Toward the end of last month, the Japan International Cooperation Agency (JICA) presented a transport “dream plan” for Mega Manila—the area comprising the National Capital Region, Region 3, and Region 4-A—which proposed, among other things, 137 kilometers of new urban roads and upgrades to the existing road network; 426 kilometers of intercity expressways connected by an additional 78 kilometers of urban expressways; 246 and 72 kilometers, respectively, of main and secondary commuter rail lines; improvements to the traffic management system; and upgrades to the systems for managing ground transportation such as buses and jeepneys. The price tag for all this comes to around P2.3 trillion, which JICA believes the government can easily fund by 2030 if the current forecasts for the Philippines’ economic growth over the next 15 to 20 years are reasonably accurate.
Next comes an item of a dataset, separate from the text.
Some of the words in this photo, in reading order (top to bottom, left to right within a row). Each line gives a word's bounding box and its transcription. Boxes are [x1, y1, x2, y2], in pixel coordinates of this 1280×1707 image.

It was called a “dream plan,” perhaps, because the Project Manager who presented it, Dr. Shizuo Iwata, is the same Dr. Iwata who back in mid-November of last year told a forum hosted by the Management Association of the Philippines that “he was tired of doing all these studies,” because none of the suggestions offered by his team—or anyone else, for that matter—ever saw the light of day, and that Metro Manila’s traffic congestion and the Philippines’ infrastructure issues in general, despite being relatively easy to identify and understand, seem to just be growing steadily worse as time passes.
I believe the shortcomings in the entire infrastructure system of the Philippines—which includes not only roads, rails, and other forms of transportation, but basic utilities like electricity and water, communications systems, and the systems that move critical resources like food and fuel—can be summed up in very simple terms: The government of this country has, over an extended period of time, progressively delegated almost all of its responsibility to the private sector, to the extent that any large-scale and long-term planning has become impossible.
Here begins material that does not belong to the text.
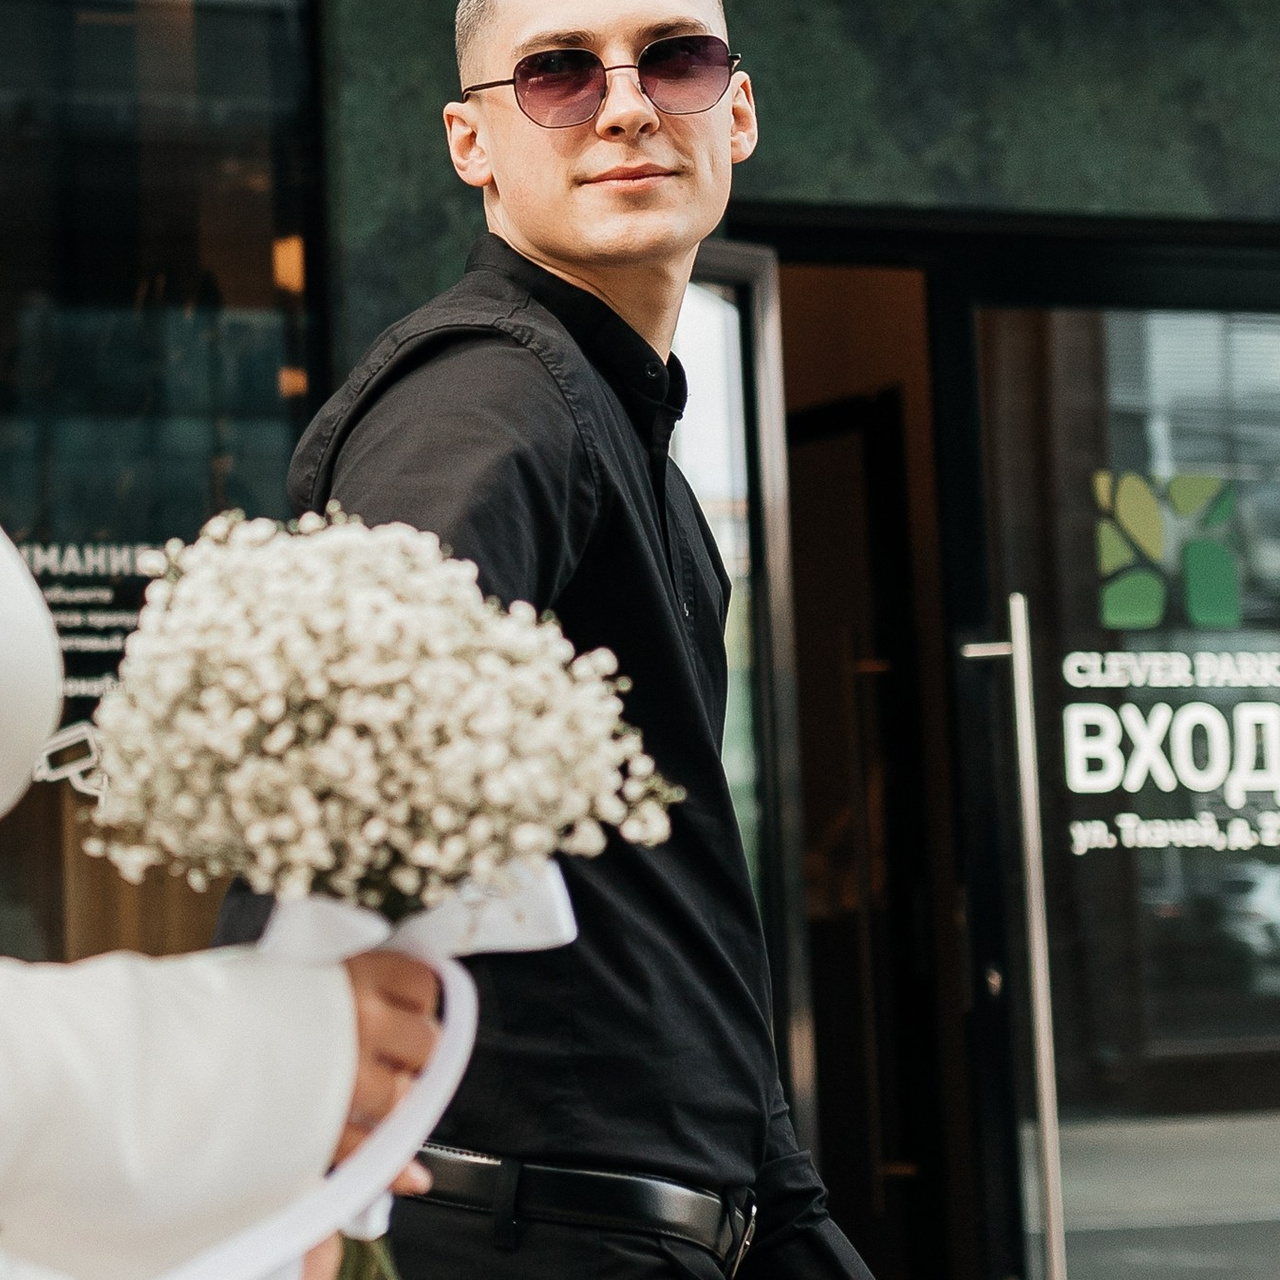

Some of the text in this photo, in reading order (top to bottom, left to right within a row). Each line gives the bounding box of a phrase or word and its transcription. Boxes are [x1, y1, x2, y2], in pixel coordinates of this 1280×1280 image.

[1062, 651, 1195, 688] CLEVER
[1062, 701, 1280, 809] ВХОД
[1070, 820, 1117, 855] ул.
The country accepts this for several reasons, not all of which are easy to refute. Since the time of the latter years of the Marcos era government, management of infrastructure has been characterized by gross inefficiency and corruption of one sort or another, part of which can be blamed on deeply-ingrained patronage in the political culture, and partly on a chronic absence of technical ability within government agencies. The nature of the political system after Marcos works against making grand, sustainable plans as well; with no real ideologically-distinct political parties, the initiatives of any administration are not grounded in clear economic and social perspectives, but on the individual ideas—valid or otherwise—of the President, who has a limited time to make his or her “mark” on the country, and thus tends to favor short-term and essentially one-off initiatives over building systems. And while it is true enough that the government in the past often has not had the financial resources to appropriately address infrastructure needs (that is, after all, how the Philippines ended up with the dubiously unique jeepney), that is not really the case today—except that patronage politics basically requires that vast sums of money are thrown away on irrelevancies to keep everyone in line just enough to create some semblance of political stability.
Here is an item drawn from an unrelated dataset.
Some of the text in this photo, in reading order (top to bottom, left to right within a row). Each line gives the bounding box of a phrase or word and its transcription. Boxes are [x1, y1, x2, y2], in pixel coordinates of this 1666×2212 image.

Given all that, the myth—which under present circumstances has some basis in truth—that private enterprise can do a better job than the government of providing essential services like roads to travel on, buses and trains to move people around, electricity to light their homes, and water to wash their unmentionables is not hard to sell. And it might even be completely true, if the private enterprises to whom the government has bequeathed these responsibilities were really subject to the forces of a free market, or in the unavoidable absence of it, firm regulation to counter the unfair advantages conferred by captive markets. Obviously, neither of those things exist here, and no effort to create either of them has been made for so long that the Philippines finds itself in a bit of a dilemma: With poor infrastructure repeatedly being cited as one of the biggest obstacles to the country’s being able to take advantage of the investment potential it can rightly claim to have in a number of respects, it has left itself without any apparent means to improve that infrastructure in order to attract that investment, because it has adopted the attitude that the investment is needed before infrastructure can be improved.
Yes, those of us who make a living one way or another observing this country’s economic environment and trying to find ways to improve it do indeed spend an awful lot of time scratching their heads.
There are no simple solutions to the bigger problem; it is not enough to say simply, “Loosen restrictions on foreign investment to encourage infrastructure investment,” or “Alter the system of government to make administration more efficient,” or “Nationalize public utilities and transit systems,” because it is that sort of glib approach to major problems that got the country into the mess in which it finds itself now. By the same token, we can be fairly certain that random heterodox ideas like “transit terminals” that only encourage commuters to find ways to avoid them (those of us who commute regularly from Cavite have become expert at bypassing the overcrowded, time-consuming chaos that is the ‘Southwest Integrated Provincial Terminal’), a “river ferry” service—an idea that has been repeatedly proven to be an economic dud for more than two decades—on boats people fleeing the fall of South Vietnam would have avoided out of embarrassment, and a proposal to build, of all things to conceive in flood- and earthquake-prone Metro Manila, a P135-billion subway are not worthwhile solutions, either.
Where the country should start is do a comprehensive gap analysis: “This is where we are now, there is where we need to be in X number of years.” Agencies like JICA, even though their efforts might be offered with a sense of resigned futility, have done the Philippines a service by at least providing part of that answer. Now all we need are some leaders who will worry more about closing those gaps, and less about which projects will allow them to hang a dedication plaque to themselves the quickest.